El acusado de agredir a dos hombres en Zafra para robarles niega ser el autor

Sergio C. L. R. asegura que ese día se encontraba en un parque de Zafra. :: c. moreno/
Sergio C. L. R. asegura que ese día se encontraba en un parque de Zafra. :: c. moreno

Su ADN y el de una de las víctimas apareció en unas prendas halladas a 120 metros de la casa, pero el procesado rechaza que sean suyas

Evaristo Fdez. de Vega
EVARISTO FDEZ. DE VEGABadajoz

Sergio C. L. R., el hombre que a comienzos de 2018 fue condenado a diez años de prisión por agredir y dejar moribundo a un taxista de Badajoz, volvió a sentarse ayer en el banquillo para enfrentarse a una petición de pena de 24 años de prisión. En esta ocasión, la Fiscalía lo acusa de agredir, detener ilegalmente y robar a dos vecinos de Zafra, unos hechos que el encausado niega.

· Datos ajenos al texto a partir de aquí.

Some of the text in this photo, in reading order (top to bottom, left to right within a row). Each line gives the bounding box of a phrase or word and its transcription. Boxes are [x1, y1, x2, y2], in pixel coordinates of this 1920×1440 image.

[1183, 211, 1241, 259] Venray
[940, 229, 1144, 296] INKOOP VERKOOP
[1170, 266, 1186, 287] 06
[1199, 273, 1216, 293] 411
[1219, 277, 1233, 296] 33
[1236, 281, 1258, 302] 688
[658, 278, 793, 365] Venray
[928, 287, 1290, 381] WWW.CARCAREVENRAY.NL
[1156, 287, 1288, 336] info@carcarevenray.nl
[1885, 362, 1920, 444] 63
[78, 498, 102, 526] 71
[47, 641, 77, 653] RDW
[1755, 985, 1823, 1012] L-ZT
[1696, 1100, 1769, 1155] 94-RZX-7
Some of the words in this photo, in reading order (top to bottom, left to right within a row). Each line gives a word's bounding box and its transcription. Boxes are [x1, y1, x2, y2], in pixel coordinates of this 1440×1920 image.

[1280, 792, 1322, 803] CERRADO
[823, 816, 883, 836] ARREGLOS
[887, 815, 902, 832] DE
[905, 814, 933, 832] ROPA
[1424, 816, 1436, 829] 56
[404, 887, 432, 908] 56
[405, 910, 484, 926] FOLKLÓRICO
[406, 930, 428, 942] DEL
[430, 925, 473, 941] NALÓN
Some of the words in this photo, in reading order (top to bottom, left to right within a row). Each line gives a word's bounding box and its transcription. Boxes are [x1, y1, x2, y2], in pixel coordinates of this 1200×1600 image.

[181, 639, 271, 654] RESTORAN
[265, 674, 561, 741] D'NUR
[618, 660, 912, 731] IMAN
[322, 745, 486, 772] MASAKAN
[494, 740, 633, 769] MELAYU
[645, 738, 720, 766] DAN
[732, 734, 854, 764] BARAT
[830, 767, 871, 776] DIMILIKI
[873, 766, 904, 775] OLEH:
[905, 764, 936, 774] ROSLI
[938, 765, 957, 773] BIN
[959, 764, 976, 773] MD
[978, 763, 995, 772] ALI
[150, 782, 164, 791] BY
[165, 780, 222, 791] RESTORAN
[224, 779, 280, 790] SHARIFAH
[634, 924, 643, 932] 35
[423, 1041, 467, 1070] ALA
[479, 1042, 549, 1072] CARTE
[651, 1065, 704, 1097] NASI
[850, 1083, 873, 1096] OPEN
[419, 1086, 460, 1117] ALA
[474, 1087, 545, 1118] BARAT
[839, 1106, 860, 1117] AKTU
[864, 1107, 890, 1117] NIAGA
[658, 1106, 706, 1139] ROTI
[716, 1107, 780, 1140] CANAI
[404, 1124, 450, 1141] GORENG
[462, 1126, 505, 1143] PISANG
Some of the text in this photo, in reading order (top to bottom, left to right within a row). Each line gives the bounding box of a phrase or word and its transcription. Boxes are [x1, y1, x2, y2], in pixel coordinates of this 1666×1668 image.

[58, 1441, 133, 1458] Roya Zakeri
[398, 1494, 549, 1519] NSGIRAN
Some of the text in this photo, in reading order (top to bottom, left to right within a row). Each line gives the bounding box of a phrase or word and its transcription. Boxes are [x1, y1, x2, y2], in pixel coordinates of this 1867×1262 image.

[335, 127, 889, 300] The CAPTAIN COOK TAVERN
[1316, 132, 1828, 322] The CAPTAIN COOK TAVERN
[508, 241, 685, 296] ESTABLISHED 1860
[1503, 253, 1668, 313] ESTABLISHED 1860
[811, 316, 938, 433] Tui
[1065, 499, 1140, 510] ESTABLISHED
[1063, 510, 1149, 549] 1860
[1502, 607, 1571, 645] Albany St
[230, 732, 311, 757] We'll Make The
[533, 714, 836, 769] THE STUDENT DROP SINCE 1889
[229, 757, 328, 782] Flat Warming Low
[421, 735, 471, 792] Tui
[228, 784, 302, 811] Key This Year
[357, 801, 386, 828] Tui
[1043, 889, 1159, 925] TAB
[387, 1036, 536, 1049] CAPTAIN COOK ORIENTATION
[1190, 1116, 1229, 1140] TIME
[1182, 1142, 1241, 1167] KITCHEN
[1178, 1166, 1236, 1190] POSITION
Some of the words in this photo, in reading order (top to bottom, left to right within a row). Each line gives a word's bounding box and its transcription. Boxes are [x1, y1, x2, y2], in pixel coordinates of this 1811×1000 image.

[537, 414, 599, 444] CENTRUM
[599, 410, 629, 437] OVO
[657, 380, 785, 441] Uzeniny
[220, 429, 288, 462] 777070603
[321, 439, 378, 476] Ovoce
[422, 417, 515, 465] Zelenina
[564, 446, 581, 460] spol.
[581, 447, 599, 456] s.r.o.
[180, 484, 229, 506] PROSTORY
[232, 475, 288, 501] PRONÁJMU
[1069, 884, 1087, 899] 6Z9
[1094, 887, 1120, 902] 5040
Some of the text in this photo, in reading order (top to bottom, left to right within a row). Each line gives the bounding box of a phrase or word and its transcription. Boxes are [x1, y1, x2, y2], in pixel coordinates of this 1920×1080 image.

La supuesta agresión ocurrió el 20 de noviembre de 2015 y la denunciaron los dos hombres que ayer declararon como testigos. Los dos confirmaron que el asaltante quería robar marihuana, pero no pudieron precisar quién fue el autor porque no le vieron la cara.

La Guardia Civil confirmó que el ADN del procesado y el ADN de la víctima que sufrió las lesiones más serias aparecieron mezclados en tres prendas que fueron abandonadas ese mismo día en la urbanización en la que ocurrieron los hechos.

El acusado no reconoció como propia esa ropa y rechazó ser la persona que cometió los hechos porque aquella tarde estuvo en el parque de la Paz de Zafra junto a varios amigos.

La representante del Ministerio Fiscal le recordó a Sergio que durante la investigación dijo que podría haber sido él quien cometió esos hechos pero que «no lo recordaba». La respuesta del encausado fue que nunca ha hecho esa afirmación.

El resto del interrogatorio se centró en las prendas halladas: una chaqueta de pana, unos guantes negros, un pasamontañas del mismo color y una camisa blanca con una mancha de sangre. Esa ropa fue localizada en una vivienda que apenas dista 120 metros de la casa en la que se produjo la presunta agresión.

Fue hallada a la mañana siguiente, pero ya la noche anterior, a las 21 horas, la joven que vive en la casa donde apareció se había percatado de que una maceta no estaba en su sitio. El mando de la Guardia Civil que dirigió la investigación considera clave ese detalle porque la agresión se cometió hora y media antes.

En las pruebas de ADN se detectó que en varias de esas prendas había restos genéticos del acusado y del hombre que forcejeó con él para arrebatarle el cuchillo con el que lo amenazaba. «¿Qué explicación tiene que apareciera su ADN en esas prendas», le cuestionó la fiscal. «A mi casa ha ido todo tipo de gente y en muchas ocasiones se han cambiado de ropa, zapatos, bufanda, pantalones... Incluso ha habido gente viviendo en la cochera», justificó el acusado. Sergio insistió en que era frecuente que sus amigos se reunieran allí «para fumar droga», razón por la que en ocasiones se olvidaban prendas y objetos personales.

Jenaro García, abogado de la defensa, planteó la posibilidad de que esas prendas «estuviesen contaminadas». En ese caso, argumentó, no tendrían valor probatorio.

No lo reconocieron

En la vista de ayer también se escuchó el testimonio de los dos hombres que denunciaron haber sido asaltados. El primero en responder fue el propietario de la casa en la que se produjeron los hechos. Fue él quien abrió la puerta al encapuchado y quien se enfrentó a él para arrebatarle el cuchillo. Ayer confirmó que los asaltaron pero aseguró que no pudo ver el rostro del delincuente. También indicó que era un poco más bajo que él, por lo que nunca pensó que se tratase de Sergio dado el acusado es ligeramente más alto.

También se tomó testimonio al segundo hombre que estaba en la casa. Manifestó que el asaltante no parecía extremeño y que utilizaba como «coletilla» la palabra «nano», por lo que imaginó que podría tratarse de alguien procedente de la zona de Levante. «Yo no puedo decir si fue él porque no lo reconocí. Ni por el habla ni por el físico era él, de abdomen hacia arriba era más ancho».

Tras la vista de ayer, la fiscal confirmó la petición de 24 años de cárcel: siete por robo con violencia e intimidación en casa habitada; seis por cada uno de los dos delitos de detención ilegal; y cinco por el delito de lesiones. El abogado de la defensa pide la libre absolución.